Elementary descriptive statistics of populations and samples
Any collection of numerical data on one or more variables can be described using a number of common statistical concepts. Let \(x = x_1, x_2, \dots, x_n\) be a sample of \(n\) observations of a variable drawn from a population.
| Measures of | Category | Population | Sample |
|---|---|---|---|
| - | What is it? | Reality | A small fraction of reality (inference) |
| - | Characteristics described by | Parameters | Statistics |
| Central Tendency | Mean | \(\mu = E(Y)\) | \(\hat{\mu} = \overline{y}\) |
| Central Tendency | Median | 50-th percentile | \(y_{(\frac{n+1}{2})}\) |
| Dispersion | Variance | \(\sigma^2=var(Y)\) \(=E(Y-\mu)^2\) | \(s^2=\frac{1}{n-1} \sum_{i = 1}^{n} (y_i-\overline{y})^2\) \(=\frac{1}{n-1} \sum_{i = 1}^{n} (y_i^2-n\overline{y}^2)\) |
| Dispersion | Coefficient of Variation | \(\frac{\sigma}{\mu}\) | \(\frac{s}{\overline{y}}\) |
| Dispersion | Interquartile Range | difference between 25th and 75th percentiles. Robust to outliers | |
| Shape | Skewness Standardized 3rd central moment (unitless) | \(g_1=\frac{\mu_3}{\mu_2^{3/2}}\) | \(\hat{g_1}=\frac{m_3}{m_2sqrt(m_2)}\) |
| Shape | Central moments | \(\mu=E(Y)\) \(\mu_2 = \sigma^2=E(Y-\mu)^2\) \(\mu_3 = E(Y-\mu)^3\) \(\mu_4 = E(Y-\mu)^4\) | \(m_2=\sum_{i=1}^{n}(y_1-\overline{y})^2/n\) \(m_3=\sum_{i=1}^{n}(y_1-\overline{y})^3/n\) |
| Shape | Kurtosis (peakedness and tail thickness) Standardized 4th central moment | \(g_2^*=\frac{E(Y-\mu)^4}{\sigma^4}\) | \(\hat{g_2}=\frac{m_4}{m_2^2}-3\) |
Mean, variance and standard deviation
- The mean is the average value of the observations and is defined by adding up all the values and dividing by the number of observations. The mean \(\bar{x}\) of our sample \(x\) is defined as:
\[ \bar{x} = \frac{1}{n}\sum_{i = 1}^{n}x_i \] While the mean of a sample \(x\) is denoted by \(\bar{x}\), the mean of an entire population is usually denoted by \(\mu\). The mean can have a different interpretation depending on the type of data being studied.
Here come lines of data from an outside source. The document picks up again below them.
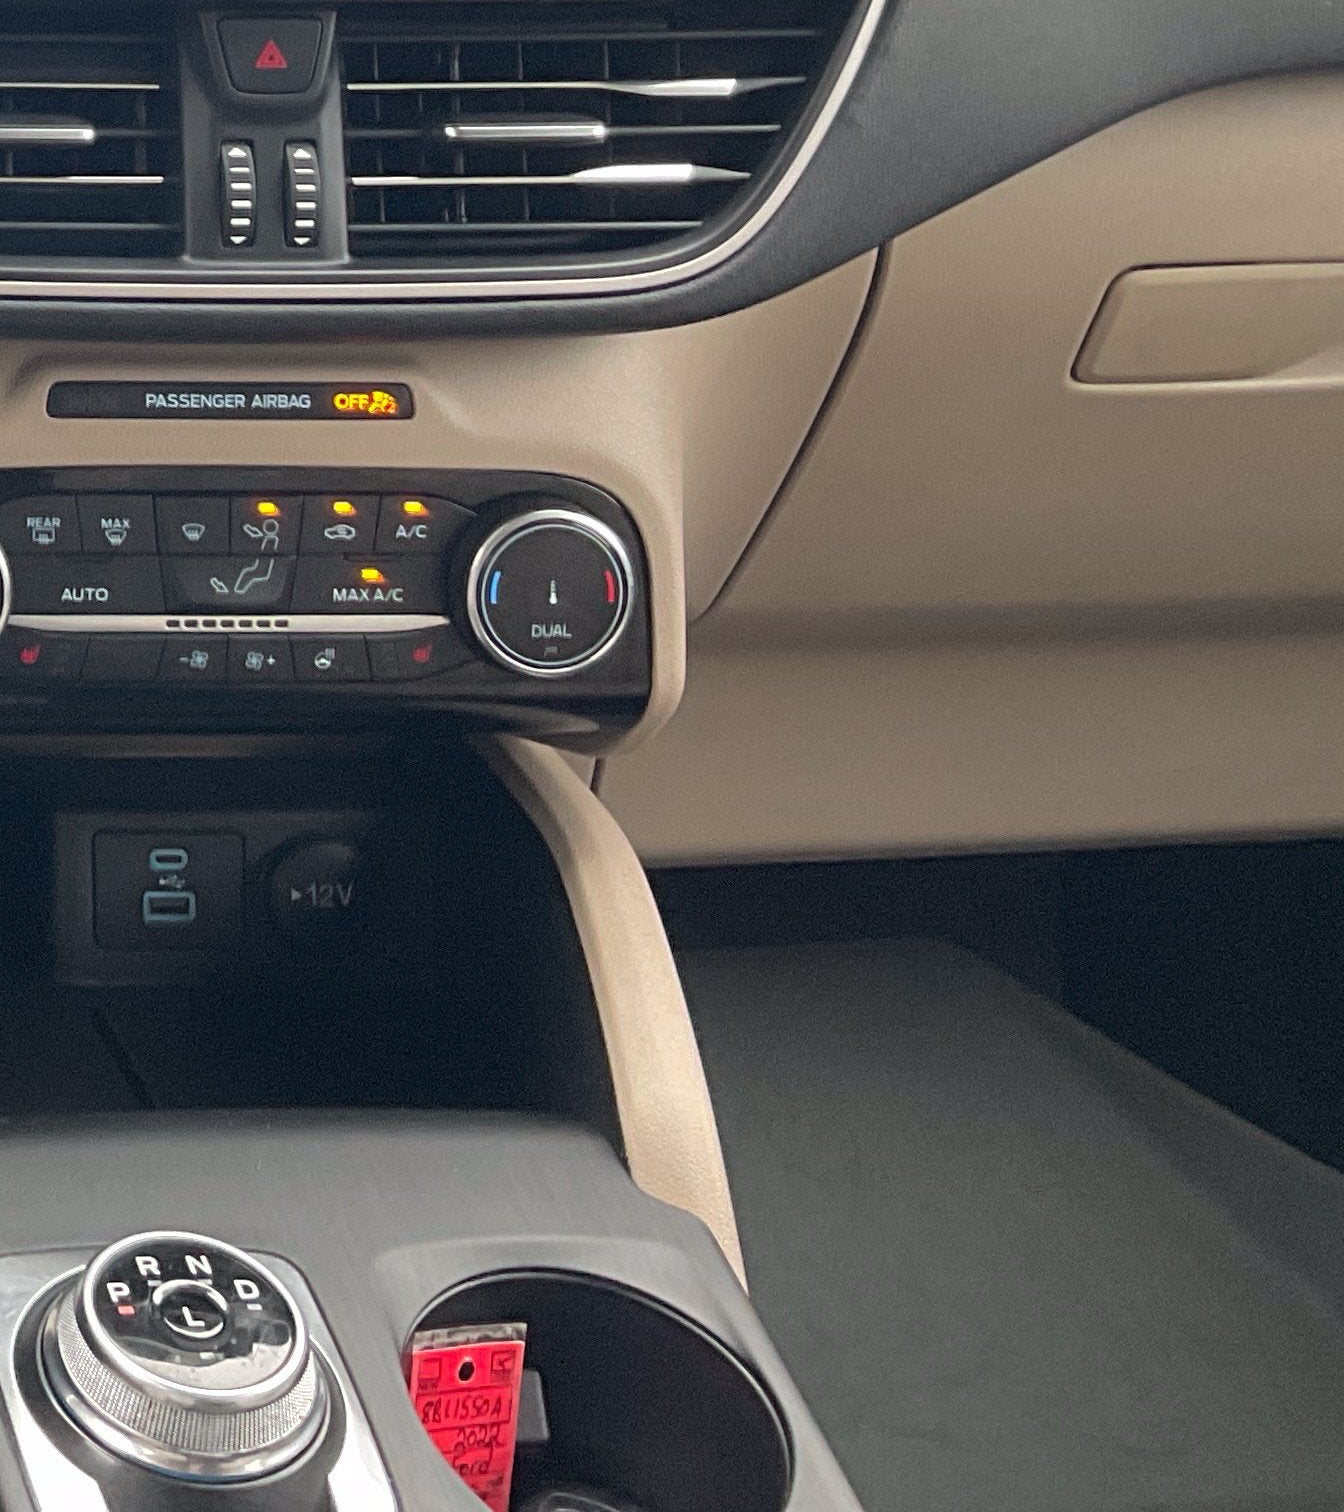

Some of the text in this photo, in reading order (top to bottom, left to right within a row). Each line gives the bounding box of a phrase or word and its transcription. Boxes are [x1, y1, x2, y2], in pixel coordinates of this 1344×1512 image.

[144, 392, 369, 411] PASSENGER AIRBAG OFF
[26, 516, 61, 529] REAR
[100, 517, 131, 530] MAX
[395, 524, 428, 539] A/C
[60, 587, 110, 603] AUTO
[332, 587, 404, 603] MAX A/C
[530, 623, 573, 639] DUAL
[310, 880, 355, 908] 12V
[106, 1254, 260, 1303] P R N D
[181, 1305, 206, 1327] L
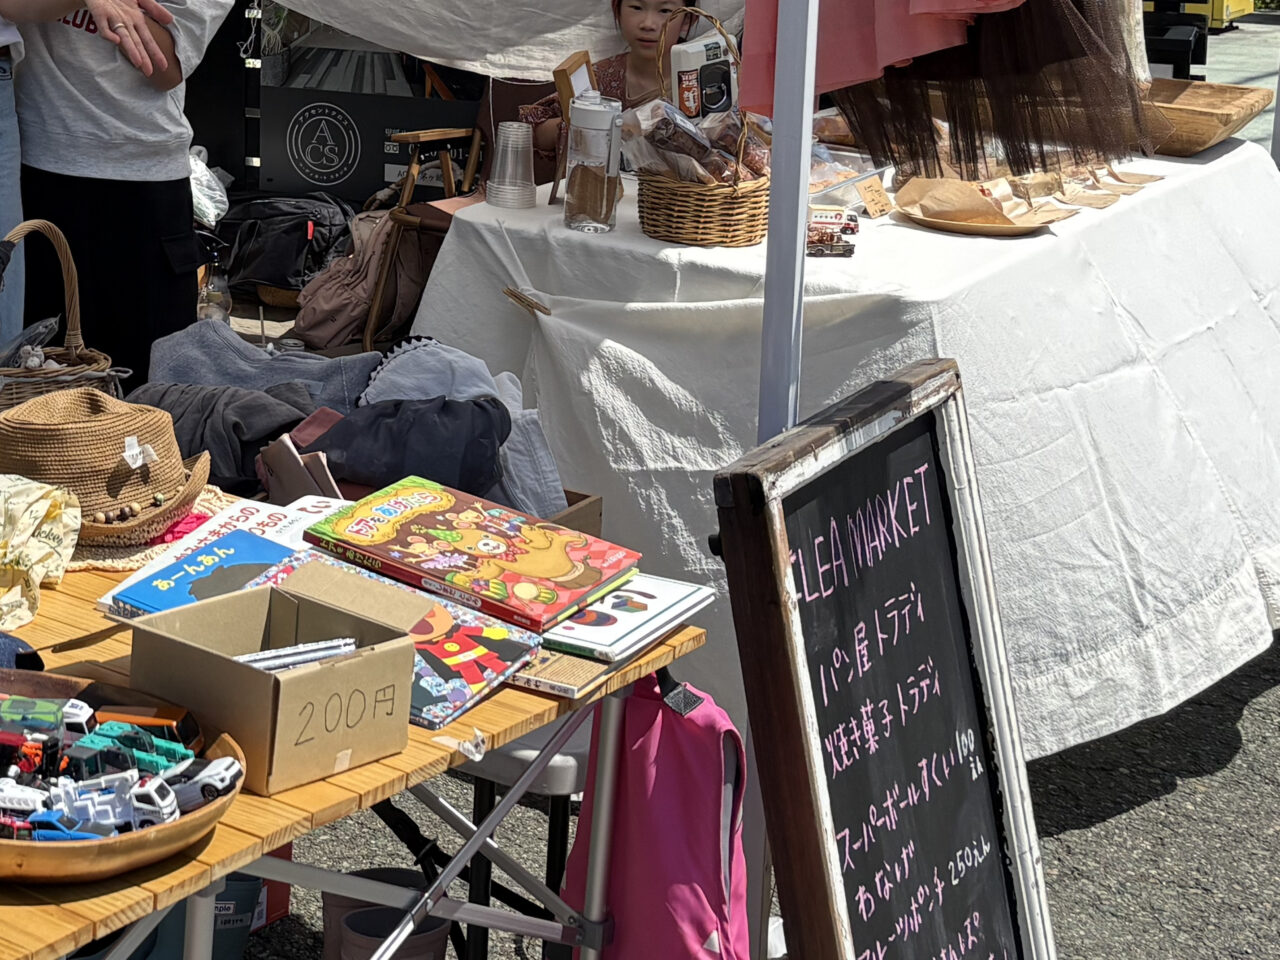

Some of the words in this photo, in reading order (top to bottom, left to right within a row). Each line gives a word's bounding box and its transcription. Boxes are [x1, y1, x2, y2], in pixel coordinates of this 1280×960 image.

[789, 516, 849, 602] LEA
[847, 462, 931, 580] MARKET
[151, 546, 236, 592] あーんあん
[294, 683, 396, 747] 200円
[855, 840, 915, 922] わなげ
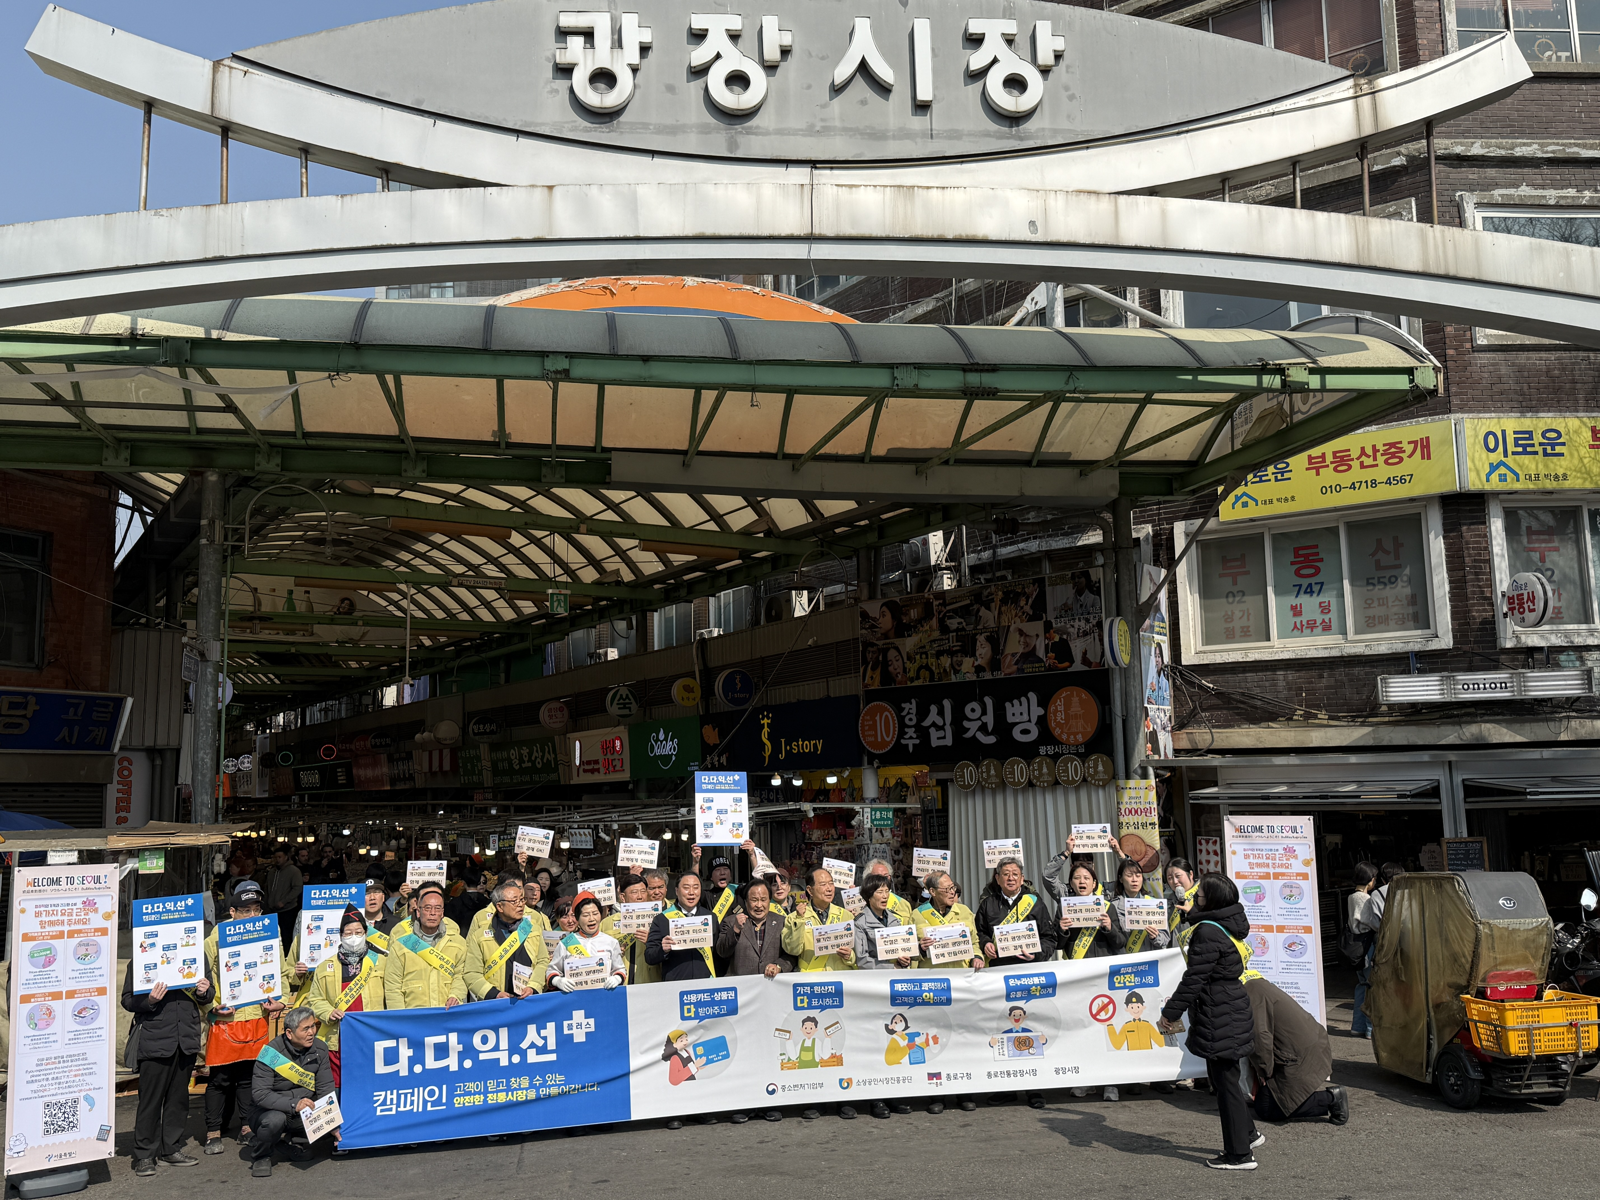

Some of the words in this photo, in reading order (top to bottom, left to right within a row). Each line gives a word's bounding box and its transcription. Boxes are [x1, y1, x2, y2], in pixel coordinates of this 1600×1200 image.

lets create a fake dataset here
# Defining a vector of study hours
study_hours <- c(10.0, 11.5, 9.0, 16.0, 9.25, 1.0, 11.5, 9.0,
8.5, 14.5, 15.5, 13.75, 9.0, 8.0, 15.5, 8.0,
9.0, 6.0, 10.0, 12.0, 12.5, 12.0)mean(study_hours, na.rm = TRUE)## [1] 10.52273This looks very intuitive and appears to be the average amount of hours taken by the individuals in the sample data.
Other common statistical summary measures include the median, which is the middle value when the values are ranked in order, and the mode, which is the most frequently occurring value.
R does not have an inbuilt function for the mode however so we use
statippackage
library(statip)
## median
(med_val <- median(study_hours))## [1] 10## mode
(mod_val <- mfv(study_hours))## [1] 9- The variance is a measure of how much the data
varies around its mean. There are two different definitions of
variance.
- The population variance assumes that that we are working with the entire population and is defined as the average squared difference from the mean:
\[ \mathrm{Var}_p(x) = \frac{1}{n}\sum_{i = 1}^{n}(x_i - \bar{x})^2 \]
- The sample variance assumes that we are working with a sample and attempts to estimate the variance of a larger population by applying Bessel’s correction to account for potential sampling error. The sample variance is:
\[ \mathrm{Var}_s(x) = \frac{1}{n-1}\sum_{i = 1}^{n}(x_i - \bar{x})^2 \]
You can see that
\[ \mathrm{Var}_p(x) = \frac{n - 1}{n}\mathrm{Var}_s(x) \] So as the data set gets larger, the sample variance and the population variance become less and less distinguishable, which intuitively makes sense.
Because we rarely work with full populations, the sample variance is calculated by default in R and in many other statistical software packages.
# sample variance
(sample_variance_study_hours <- var(study_hours, na.rm = TRUE))## [1] 12.16017So where necessary, we need to apply a transformation to get the population variance.
# population variance (need length of non-NA data)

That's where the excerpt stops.